OUR COMMUNITY: Eddie Gardner wild salmon warrior

He's been busy organizing peaceful rallies outside chain stores selling open-net farmed salmon.

'My number one passion is protecting the wild salmon

Eddie Gardner is the ‘wild salmon’ guy of Chilliwack.

He’s been busy organizing rallies outside chain stores selling open-net farmed salmon, part of a national movement he started called the Open-Net Salmon Boycott.

If you’ve shopped at a big-box store over the lunch hour in Chilliwack you may have seen him in the past couple of years.

Gardner would be the one wearing a woven cedar hat and salmon t-shirt, passionately urging shoppers to purchase wild salmon over farmed open-net options.

He often makes little speech in the store parking lot. Or you might spot him drumming and singing, alongside other salmon warriors, to honour the cause from outside a big box store.

“My number one passion is protecting the wild salmon,” he says.

He’s become convinced, in part by the work of B.C. biologist Alexandra Morton, that open-net industrial fish farms need to be removed from the migratory routes of salmon in the Pacific ocean. A lot of it has to do with the impacts of feedlot waste, parasites like lice and salmon diseases, he says, pointing to research showing that farmed salmon from feedlots tends to have more toxins than wild fish.

“This is a people’s movement. I started it from Chilliwack but it is growing, and I hope one day there will be chapters across North America,” he says.

Gardener’s car as well as his hand drum, and a new line of t-shirts, all have the iconic salmon painted on them.

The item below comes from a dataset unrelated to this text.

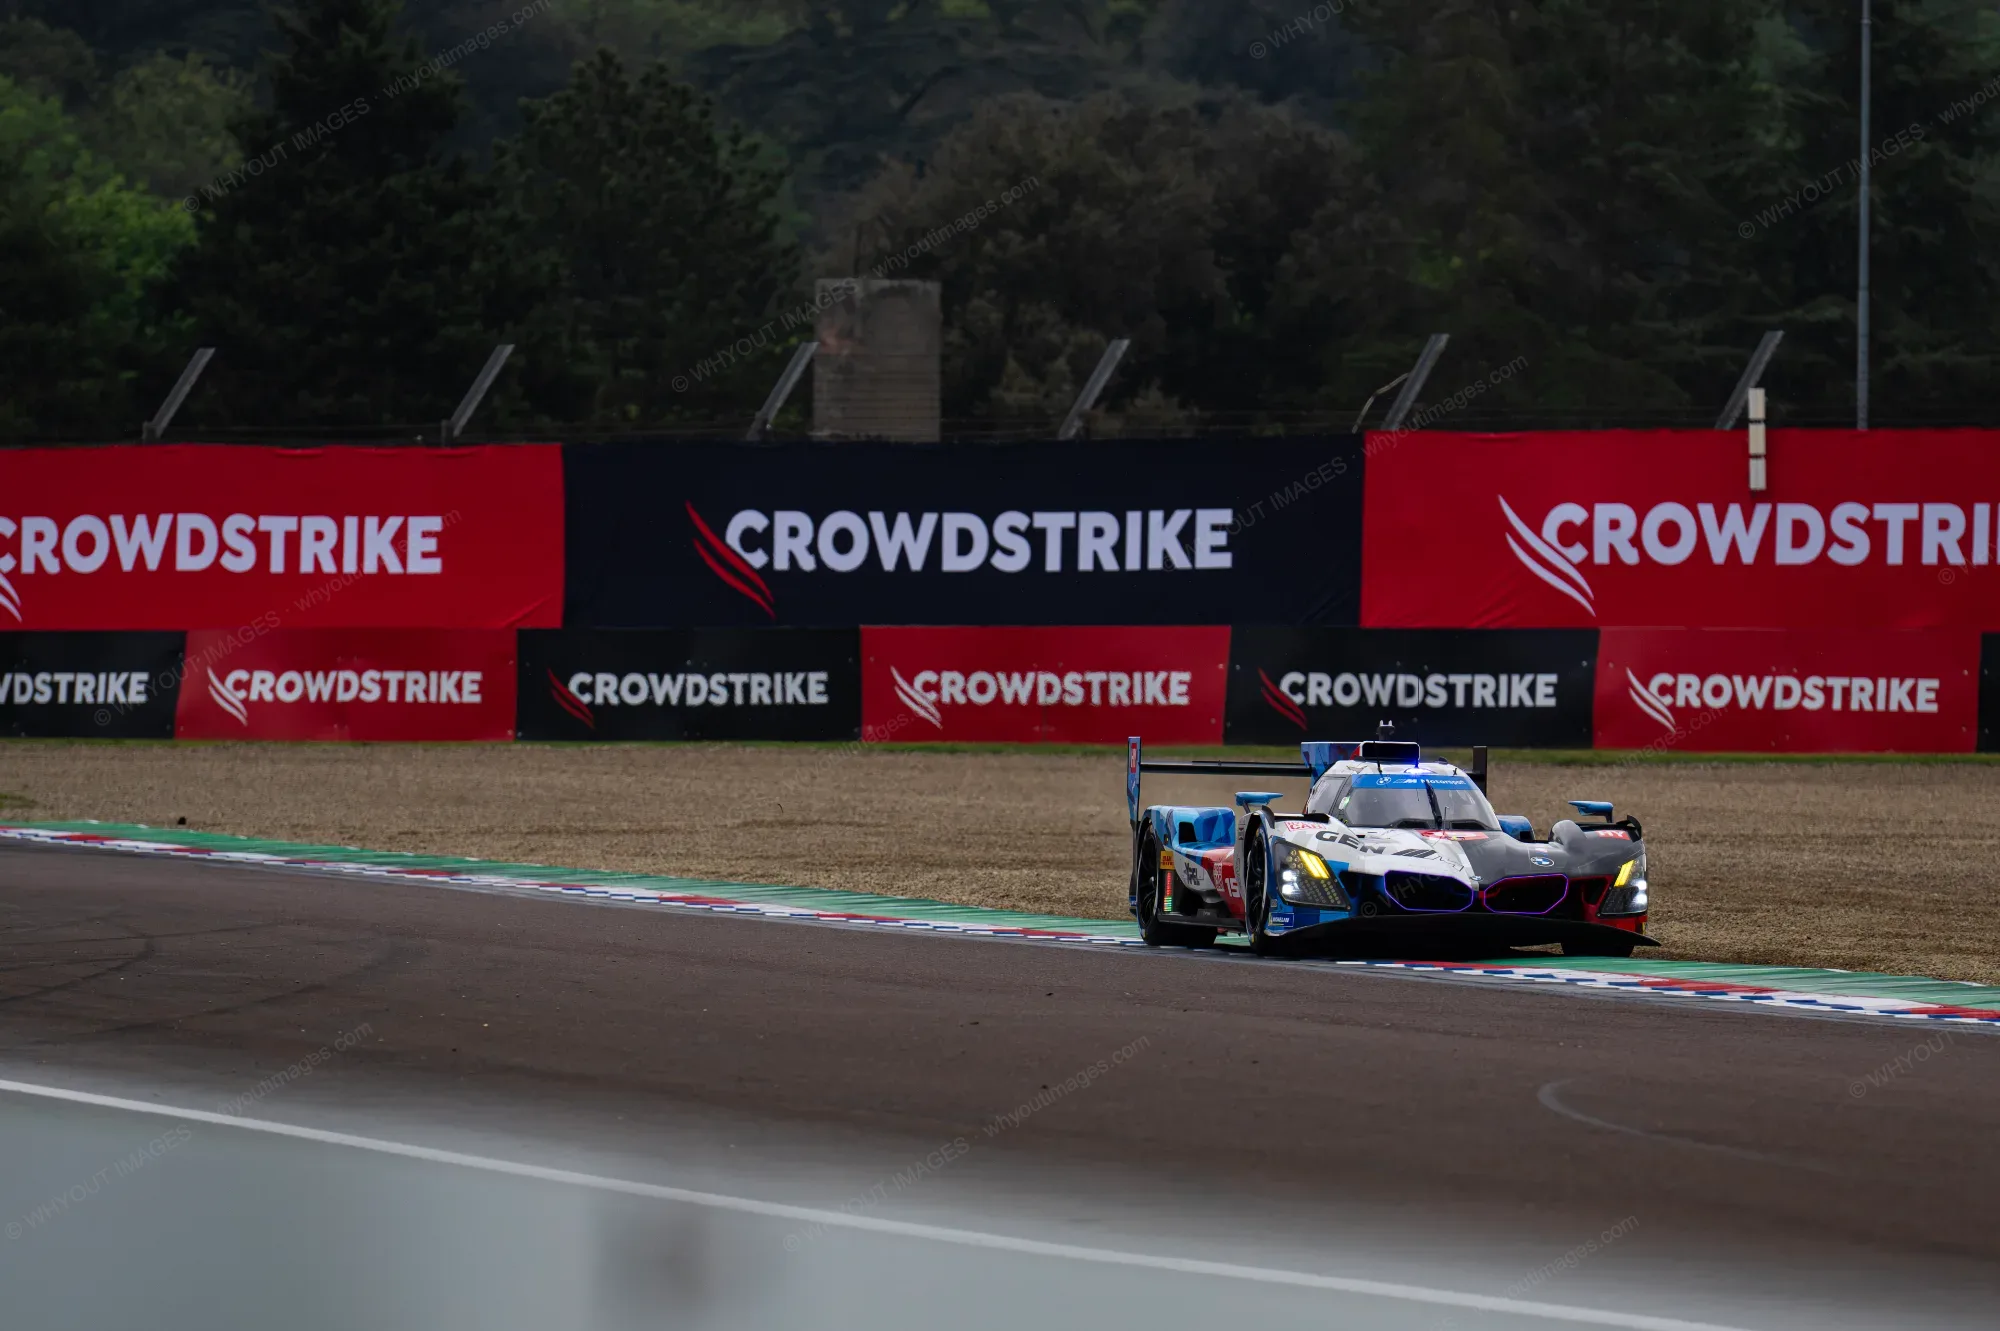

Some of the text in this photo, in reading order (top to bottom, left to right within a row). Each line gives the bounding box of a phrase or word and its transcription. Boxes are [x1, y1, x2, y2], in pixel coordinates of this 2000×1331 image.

It’s not an accident. And it’s not an artistic statement.

Saving the wild salmon has become his singular focus. He’s fought for a range of causes in the past like recognizing the impacts of Indian Residential schools, and trying to revive the dying Halq’emeylem language. But this is different.

“The salmon are the very lifeblood of B.C.,” he explains.

That’s what he concentrates on when he’s not helping to put on a medicine wheel workshop or a monthly sweat lodge.

Protecting the salmon for him is a deeply spiritual quest. A sacred one even.

He got involved with other like-minded individuals, like those at Salmon Are Sacred, to raise awareness of the concern for wild salmon, especially after the Fraser River sockeye run suffered a steep decline in 2009 — a crash that spawned the federal Cohen Commission. Even though the next year 2010 saw record numbers returning, he still felt the need to take action.

He has come to the conclusion that so many foreign-owned, open-net fish farms in the Pacific ocean is like “playing Russian roulette” with the wild salmon resource, which is precious and irreplaceable, he says.

“No other part of the world has this amazing resource,” he says.

Born in Hope, B.C. Gardner’s family moved to Sept Isles, Quebec, where he was raised, after they moved there to support his dad’s career. After obtaining a BA from University of PEI in 1972, he went to work for various agencies across Canada, delivering programs and services from a distinctly aboriginal world view, toiling for provincial, federal, as well as the private sector and First Nations governments. He returned to Sto:lo territory in 1994, worked on reviving his traditional language, and has been here ever since.

These days Gardner lives off-reserve in his Chilliwack condo with his wife Fran, and is an elder and member of the Skwah First Nation. At 68 he’s semi retired, but still working as an Elder-in-Residence at both the University of the Fraser Valley and Nicola Valley Institute of Technology, sharing his knowledge of Stó:lo culture and traditions.

The value of wild fish is being overlooked, and that is the central problem, he figures.

People don’t always realize salmon is a “keystone” species that feeds so many other species and creatures down the line, like the whales, sea lions, wolves, bears, eagles and more.

“Losing it would be a terrible blow to First Nations people, who have a spiritual and cultural relationship to the salmon.”

The traditional name he was given is T’it’elem Spath, which means Singing Bear, and he’s been singing this song for years now.

“It’s an amazing gift to the world so you’d think the federal government would do everything in its power to protect it.

“On the contrary they have abdicated their responsibility entirely, at great peril to the fish.”

He says he strongly believes in the “people’s movement” as advocated by the late George Manuel of UBCIC and Chief Wayne Christian, and he still promotes this basic concept in his work.

The federal government, in failing to implement the recommendations in the wake of the Cohen Commission, such as removing fish farms from the paths of migrating salmon, have failed to protect salmon.

“The thing is if the government doesn’t do anything about this, we the people, have to rise up and do their jobs for them.”